Recently I was filming/photographing a live fitness event in Santa Monica. There were about a hundred people there on a gloomy Saturday morning in June. They were pushing hard, working their asses off, and sweating.
There was one girl near the back. She was overweight. Significantly overweight. So I pointed the camera at her. I took some video. Then some photos. I thought it was good footage of someone working hard, but it made me slightly uncomfortable.
Why? I have the same reaction when I was pointing the camera at the girls in the front who were in great shape. Maybe I thought she thought I was judging her. I wasn’t. I was inspired by her. There weren’t many people like her out there.
I came back to her a little later and grabbed some more footage with my iPhone. I saw a video that would potentially be very polarizing.
I knew posting this video online would cause a reaction. I was fairly positive it would be a good reaction, but I knew there would be a crowd that would take the opposite approach.
Most content you see on social media is somewhere between the “clouds and the dirt”, to borrow a popular phrase from Gary Vaynerchuk.
But if you want to stand out. You have to find content that will cause people to have a visceral reaction and pick a side. Granted, it’s not that easy to do and most of the time you can’t script it.
So I talked to my client and we pondered about posting the video. Then we posted the video. It was 11 seconds of her working out. You can see it here. We captioned it, “She didn’t have to show up today, but she did.”
Could’ve easily went with a less polarizing caption like “They didn’t have to show up today, but they did” because there are other people in the video. But, that would be taking the middle road.
The actual reaction to the post? Exactly what we thought. Here are two comments, back to back.
Person 1: Someone can be 90 lbs stick thin and be out of shape looking a fool trying to get out there and get fit. Why focus on the 1 person that stands out? Span the entire group and shout out to everyone there working out. This is post may inspire but what it’s really doing is continue the focus on size and body image. It’s not cool.

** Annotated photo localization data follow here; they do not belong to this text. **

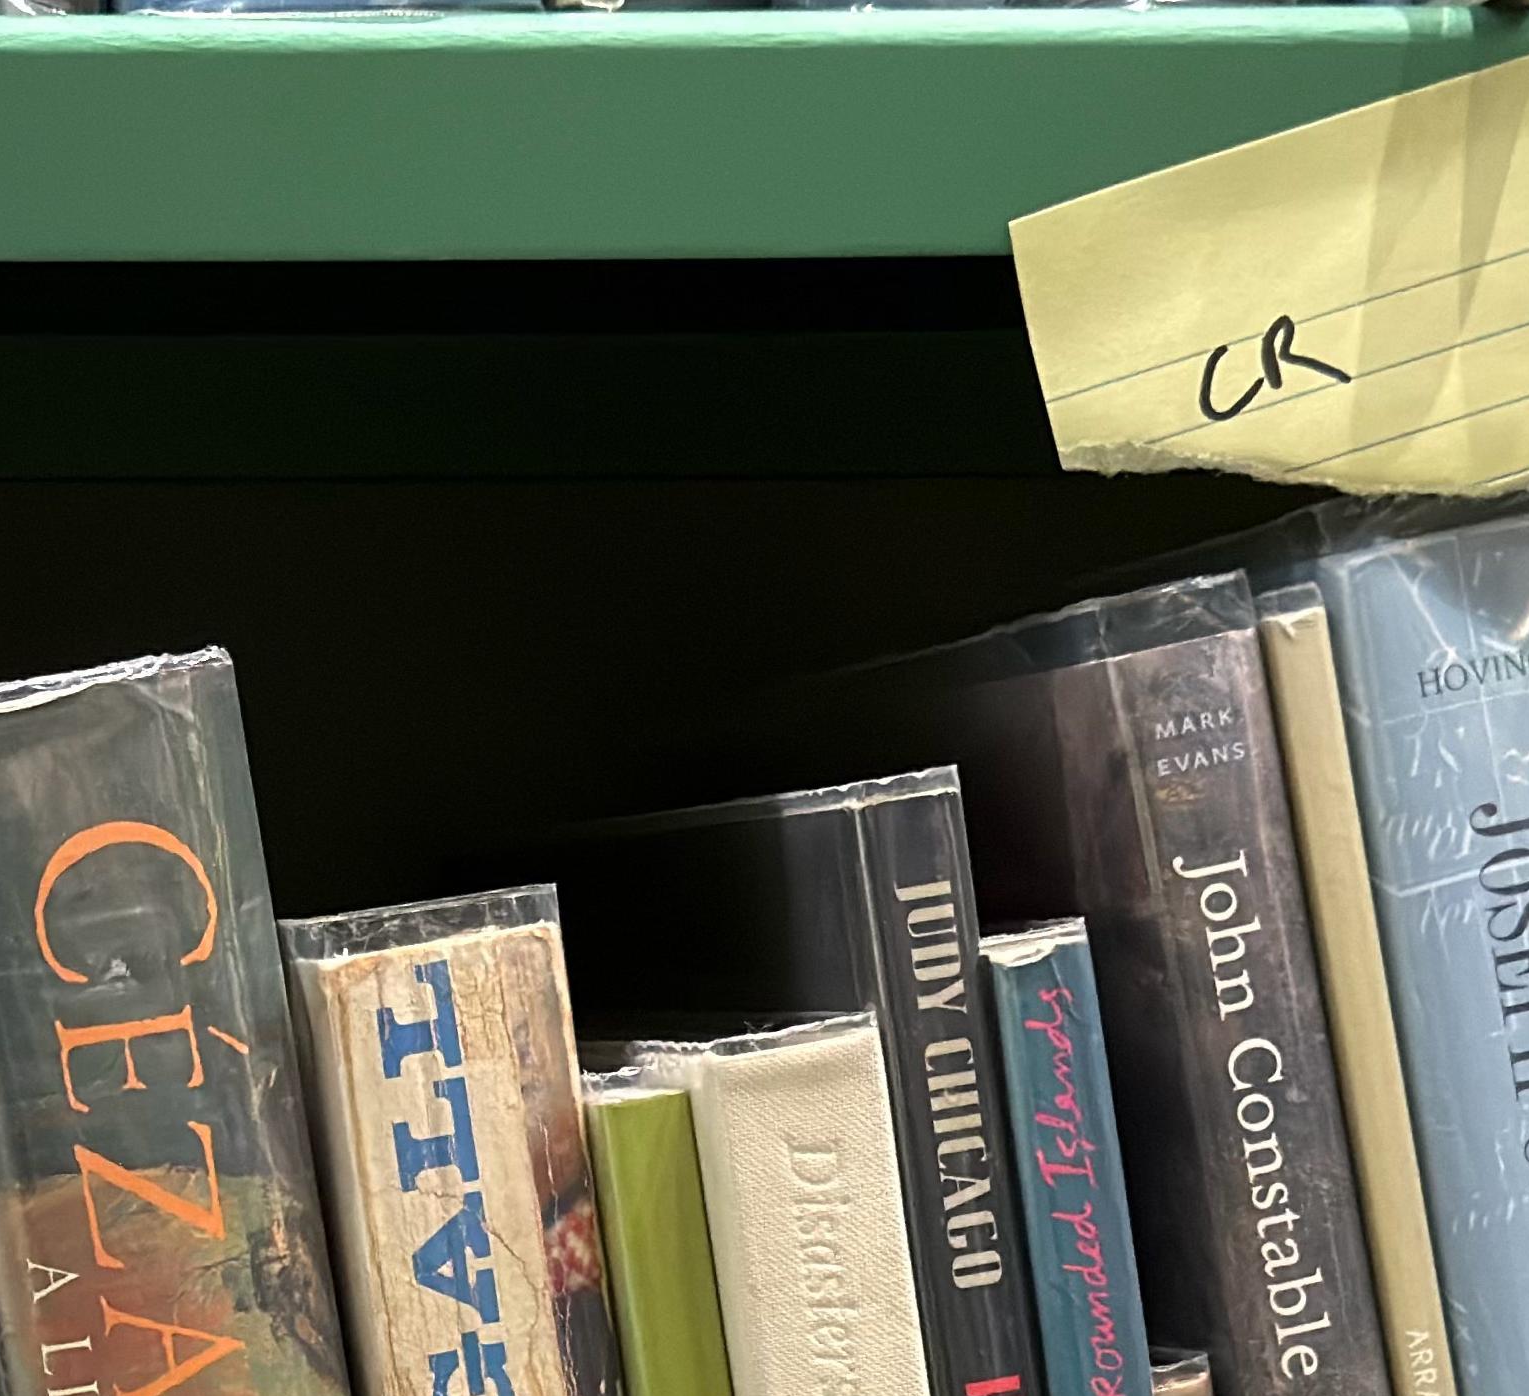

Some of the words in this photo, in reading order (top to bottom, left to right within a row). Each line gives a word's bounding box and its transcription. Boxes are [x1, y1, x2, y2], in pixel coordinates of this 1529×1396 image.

[1199, 315, 1352, 420] CR
[1154, 707, 1234, 741] MARK
[1156, 741, 1247, 778] EVANS
[894, 879, 969, 1015] JUDY
[923, 1035, 1003, 1290] CHICAGO
[1172, 848, 1263, 1022] John
[1227, 1036, 1332, 1380] Constable
[27, 1257, 80, 1303] A

PERSON 2: Come on now, it’s obvious that it probably takes more strength and courage for that woman to show up in hot weather on the beach and work out with a ton of skinny people around her and be instructed by Autumn Calabrese. The other people are definitelyrocking it as well and I think the point was to highlight the fact that it is hard enough to get motivated when you already look great and I’m sure it’s much harder when you’re battling weight loss. Even if she was pointing out that this larger woman showed up, what is so wrong with that?? She is obviously trying to lose weight and I don’t understand why people get so offended by what was meant to be an uplifting message. It’s fine to be satisfied with the way you look but let’s be honest, that woman is probably looking to lose some body fat, tone up and get healthy. I doubt she’s there for the fun of it and kudos to her for sticking it out!
Could those comments be any further apart! It’s amazing. And there are thousands more like them. The overall reaction was overwhelmingly positive.
This story also shines a light on how we need to stop being so sensitive about body image.
Being overweight and being unhealthy go hand in hand. So anyone who takes the side where they think she’s being “shamed” by this post are ignoring the part that matters — that she’s taking action and doing something about her situation. If more people did that, the obesity crisis would take care of itself.
When you put yourself out here, good things happen.